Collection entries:
= = = =

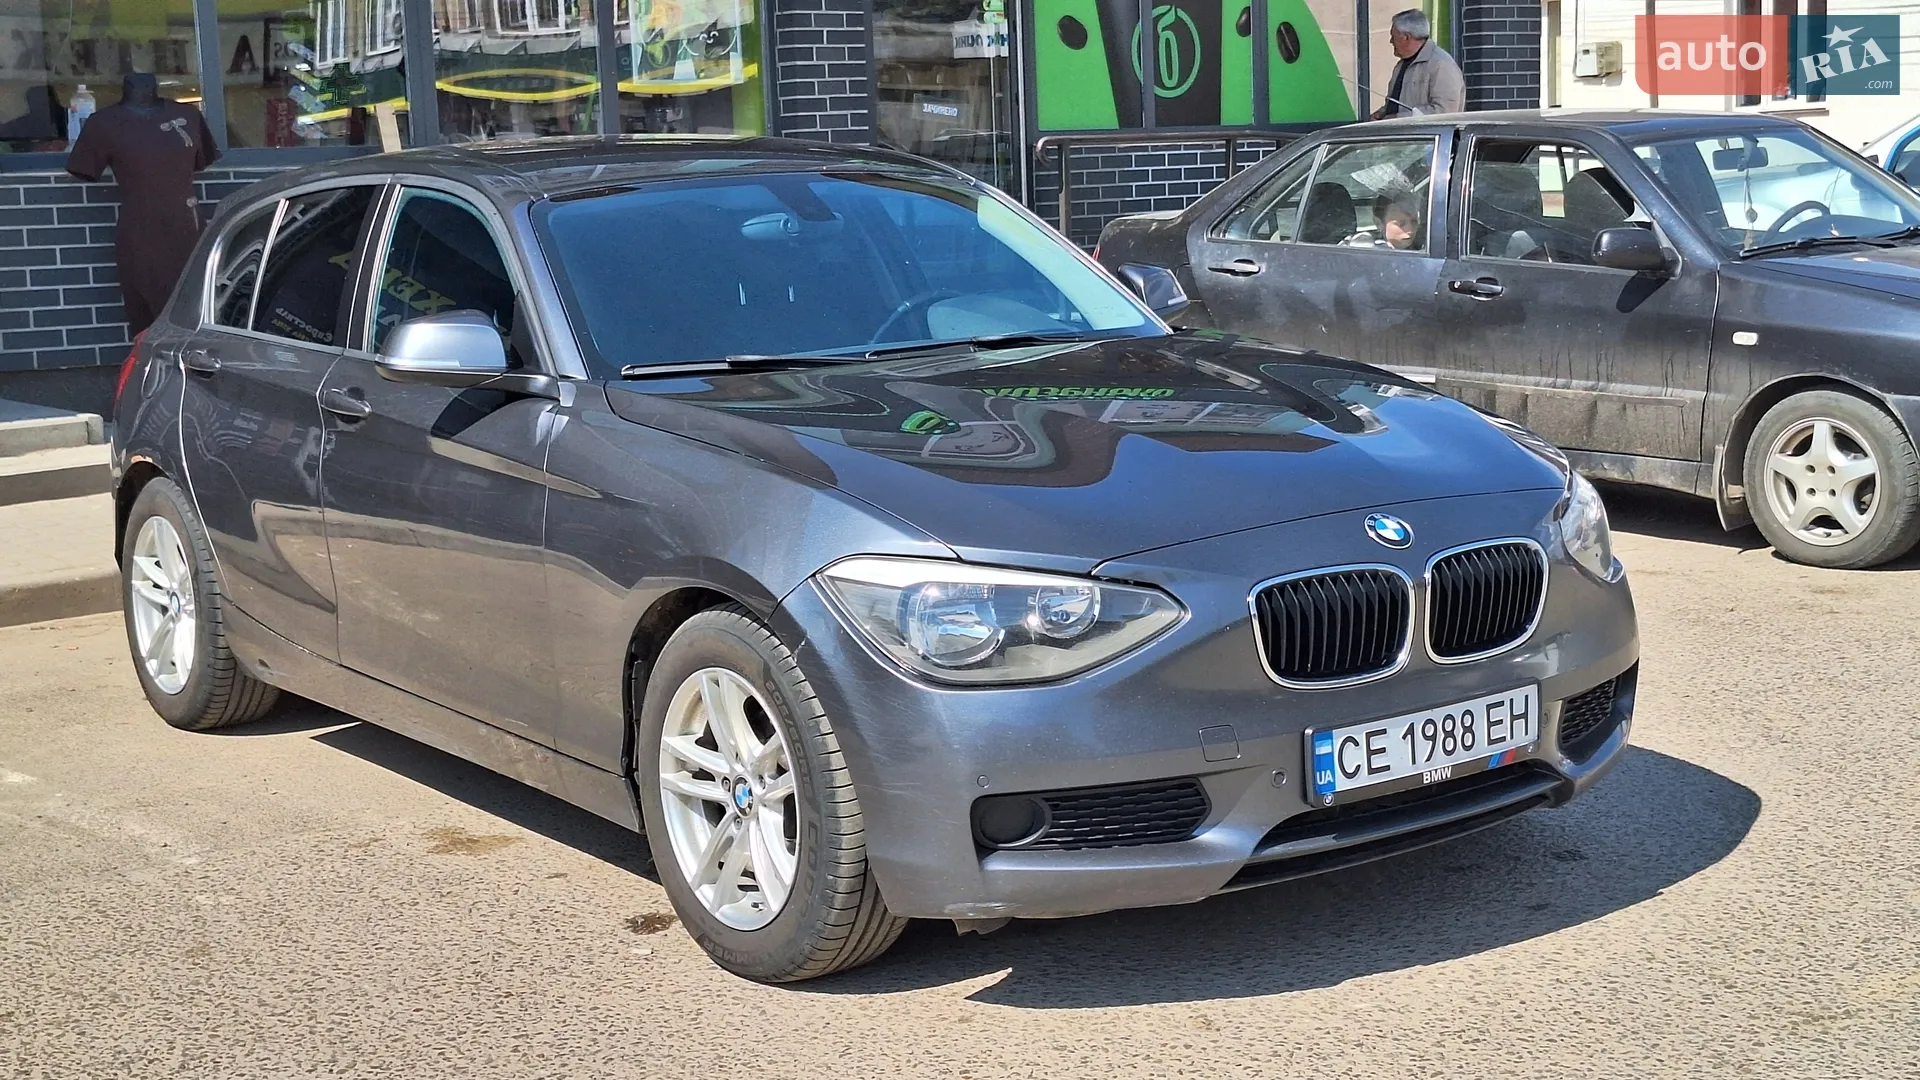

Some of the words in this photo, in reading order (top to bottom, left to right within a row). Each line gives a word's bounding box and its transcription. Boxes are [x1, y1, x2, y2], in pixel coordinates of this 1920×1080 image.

[1337, 728, 1391, 780] CE
[1401, 709, 1476, 766] 1988
[1485, 694, 1529, 747] EH
[1316, 771, 1334, 786] UA
[1422, 766, 1452, 784] BMW

= = = =

• [TASK TO COMPLETE] Transcribe the records above exactly, leaving out every picture.

• [TASK ANSWER]
Some of the words in this photo, in reading order (top to bottom, left to right within a row). Each line gives a word's bounding box and its transcription. Boxes are [x1, y1, x2, y2], in pixel coordinates of this 1920×1080 image.

[1337, 728, 1391, 780] CE
[1401, 709, 1476, 766] 1988
[1485, 694, 1529, 747] EH
[1316, 771, 1334, 786] UA
[1422, 766, 1452, 784] BMW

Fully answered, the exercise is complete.